Sara Tolaney, MD, MPH: I think in terms of the platinum issue, I feel very similarly to others that I generally tend to use ACT [doxorubicin, cyclophosphamide, paclitaxel] for the larger tumors. I only use platinum if someone is not having a good response generally to the upfront AC [doxorubicin, cyclophosphamide]. Then sometimes I’ll tack on the platinum because I have been concerned about the toxicity. We saw in the CALGB 40603 trial that the people who got platinum, if they had to not complete all their taxane, actually did worse. I do worry about adding on toxicity when we don’t have data that are sufficiently powered for long-term outcomes.

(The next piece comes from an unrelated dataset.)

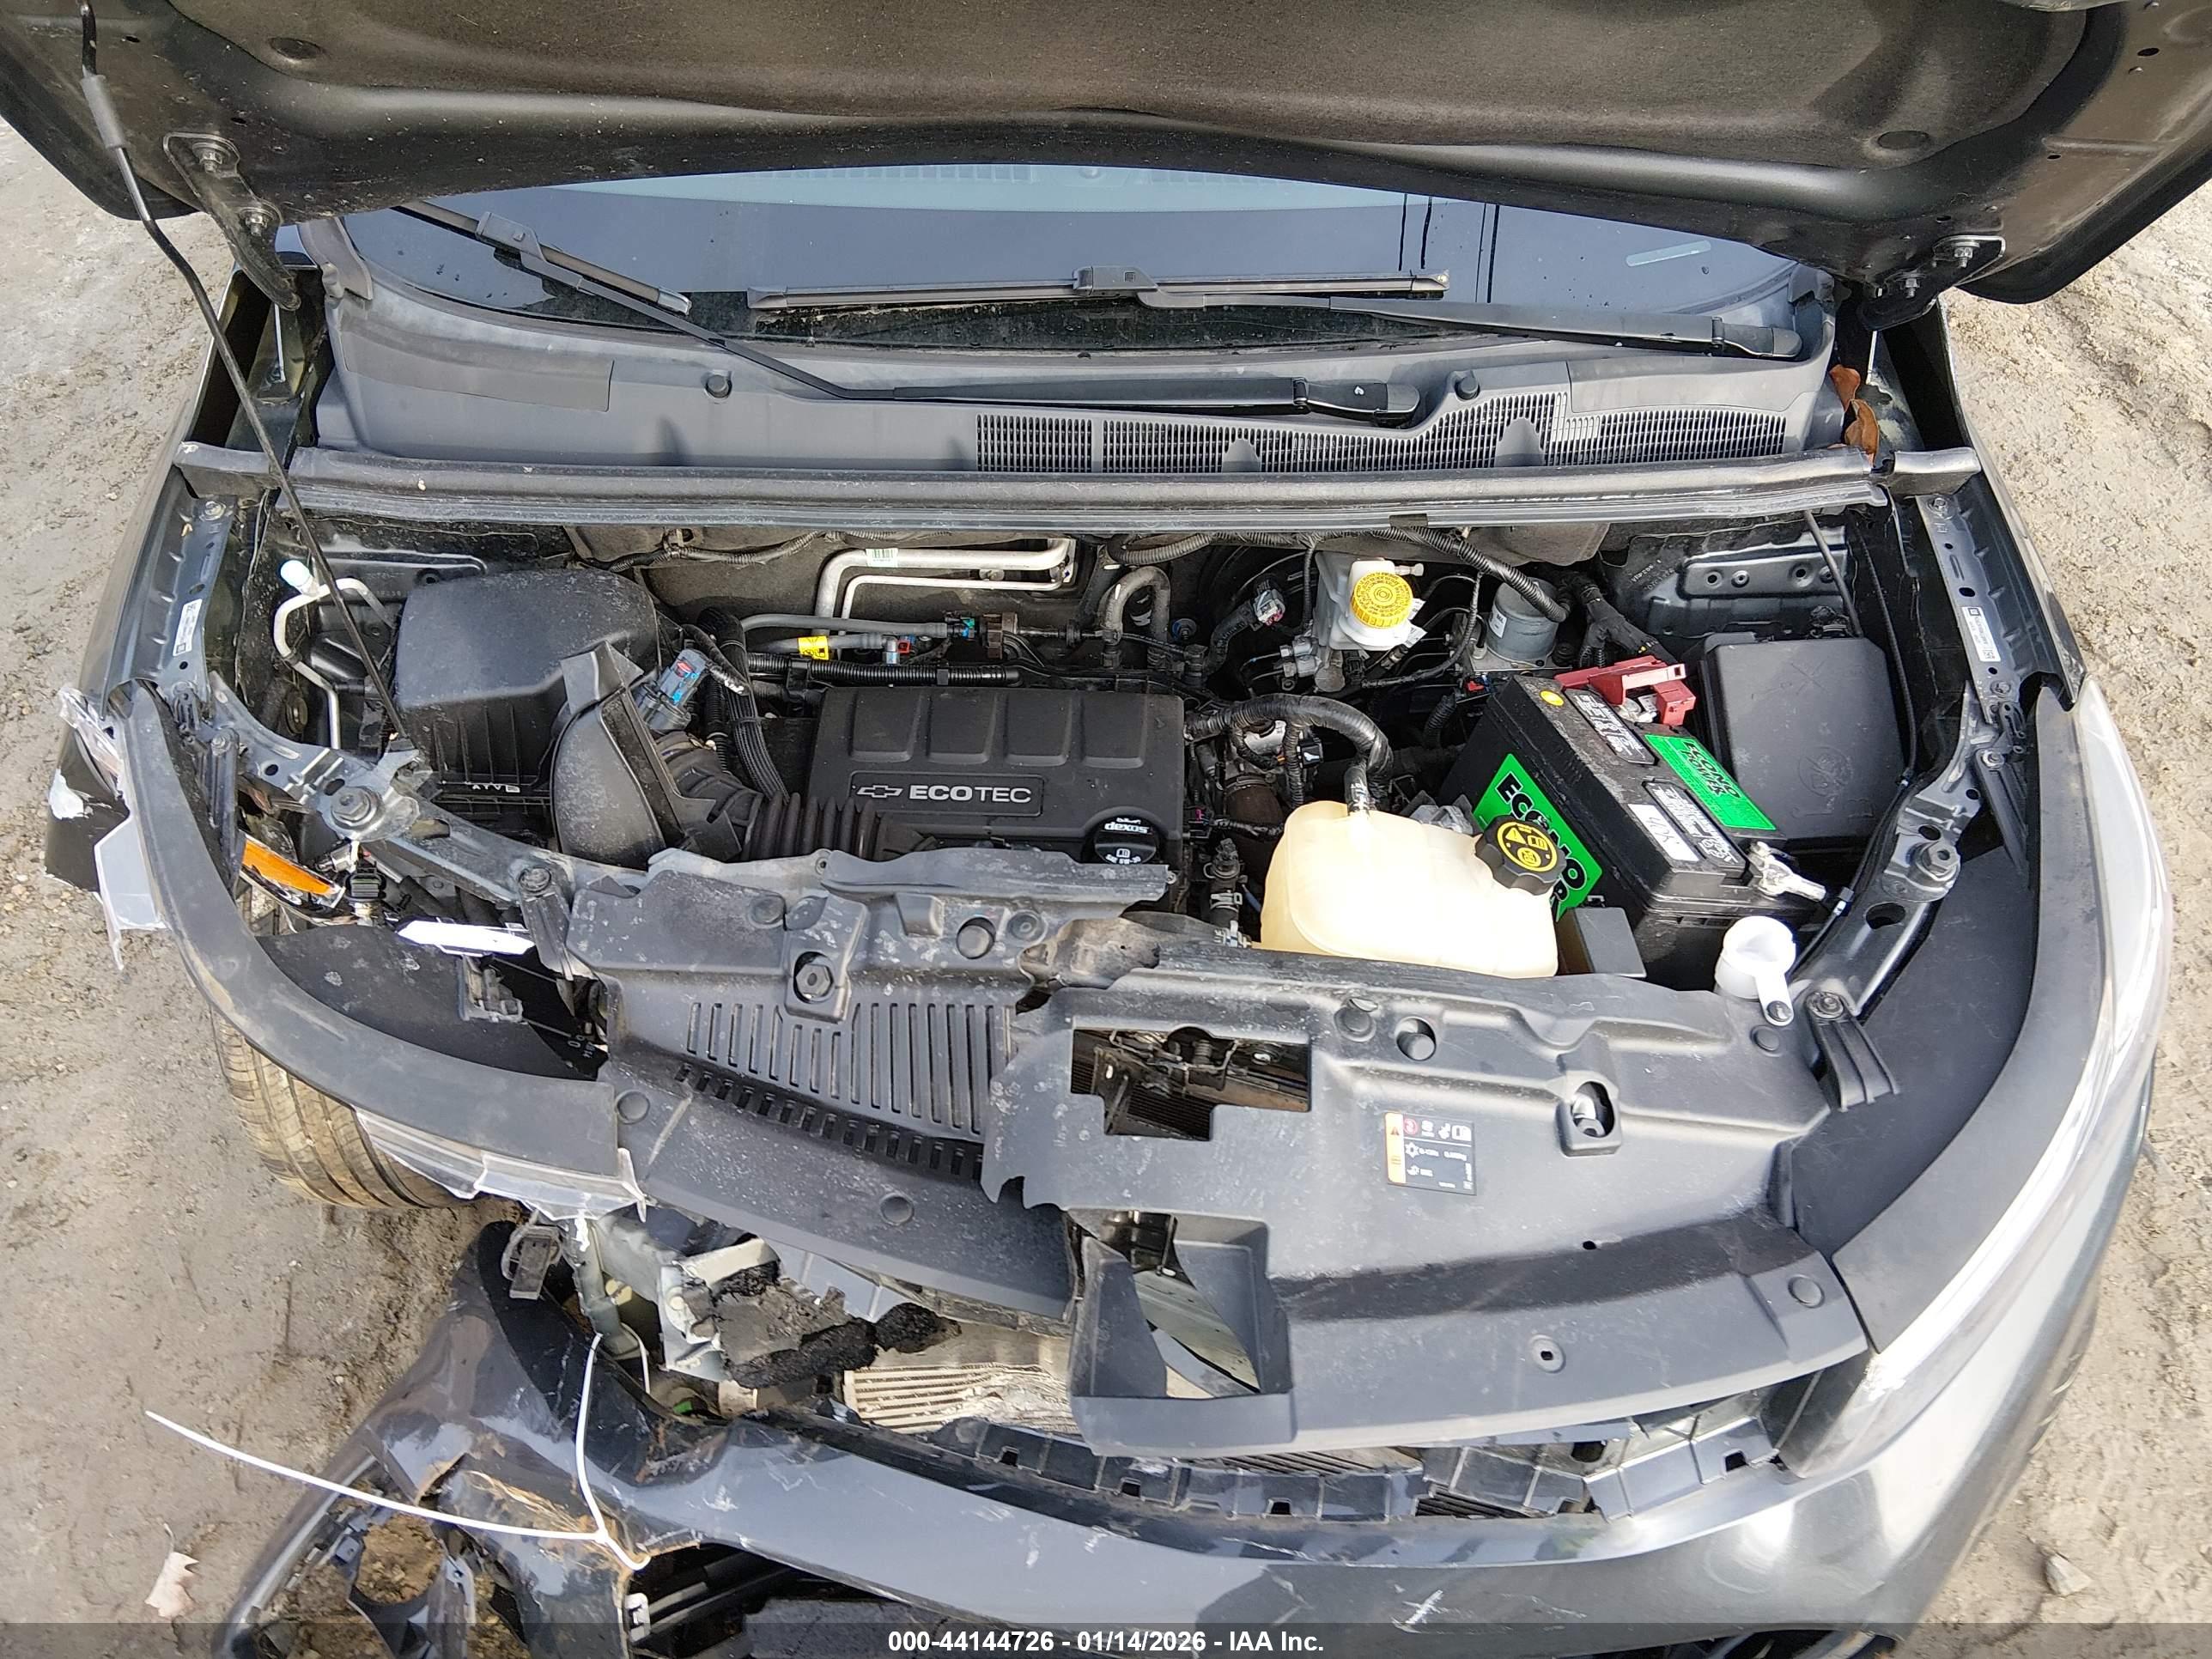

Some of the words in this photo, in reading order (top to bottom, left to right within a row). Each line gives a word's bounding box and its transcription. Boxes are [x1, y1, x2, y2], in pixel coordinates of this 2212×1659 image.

In the T1c tumors, I think like others have expressed, if they’re usually under 1.5 cm, sometimes I’ll do TC [docetaxel, cyclophosphamide] times 4. Whereas, if they start getting over 1.5 cm, closer to 2 cm, then I start giving them ACT [doxorubicin, cyclophosphamide, paclitaxel] therapy. I tend to use size to help me judge how much treatment to give them. I think generally speaking, we do tend to approach most of our patients with larger tumors with preoperative therapy, with the reason being that we can tailor their therapy based on response to that preoperative treatment. That tailoring of treatment is really going to change their long-term outcomes.

What we’re looking for is are they achieving a pathologic complete response to their preoperative treatment, meaning is there no invasive residual disease found within the breast or lymph nodes at the time of surgery? We know that those patients who achieve pCR have better long-term outcomes, whereas we know that those patients who have residual disease do have a higher risk of recurrence. As Kevin had alluded to, we do have data to suggest that we can alter those long-term outcomes for those patients with residual disease based on data from CREATE-X.

We know that in patients with residual disease who are randomized to get capecitabine vs no capecitabine, we saw that giving the capecitabine had a statistically significant improvement in disease-free and overall survival. We saw that that control arm with no capecitabine actually doesn’t do very well with the 5-year disease-free survival that’s around 55%. Again, there was a significant improvement to their outcomes by giving them capecitabine. I do offer all my patients with residual disease the 6 months of adjuvant capecitabine.

Joyce A. O'Shaughnessy, MD: Thank you. That’s a nicely put summary of that data. It highlights that if patients don’t get a pathologic complete response with triple negative breast cancer, their outcome is poor. It’s thankfully improved with the capecitabine, both disease-free and overall survival, as you strongly pointed out. Still, patients recur in spite of the capecitabine, and then patients still have a poor outcome if they don’t get a pCR. The pCR rates, correct me if I’m wrong, I would estimate that with an ACT [doxorubicin, cyclophosphamide, paclitaxel]-like regimen preoperatively, were in the 40%, 45% range. Then if you add the carboplatin, you’ll be in the 50%, 55% range, that’s probably pretty right, OK?

You get a little bit, 10% improvement, 13%, 16% in some of the studies specifically, but round numbers, it’s about 10 %. We’re pushing up around 55% with where we are, so that’s really good for those patients. But we have 45%, the number you said, who don’t get a pathologic complete response at 5 years; only 55% disease free is very concerning. We know what a huge issue this is in the practice. We’ve got an unmet need.

I think we’re all agreed that we would definitely have an unmet need. There is no question we have to do better in the curative setting.

Transcript Edited for Clarity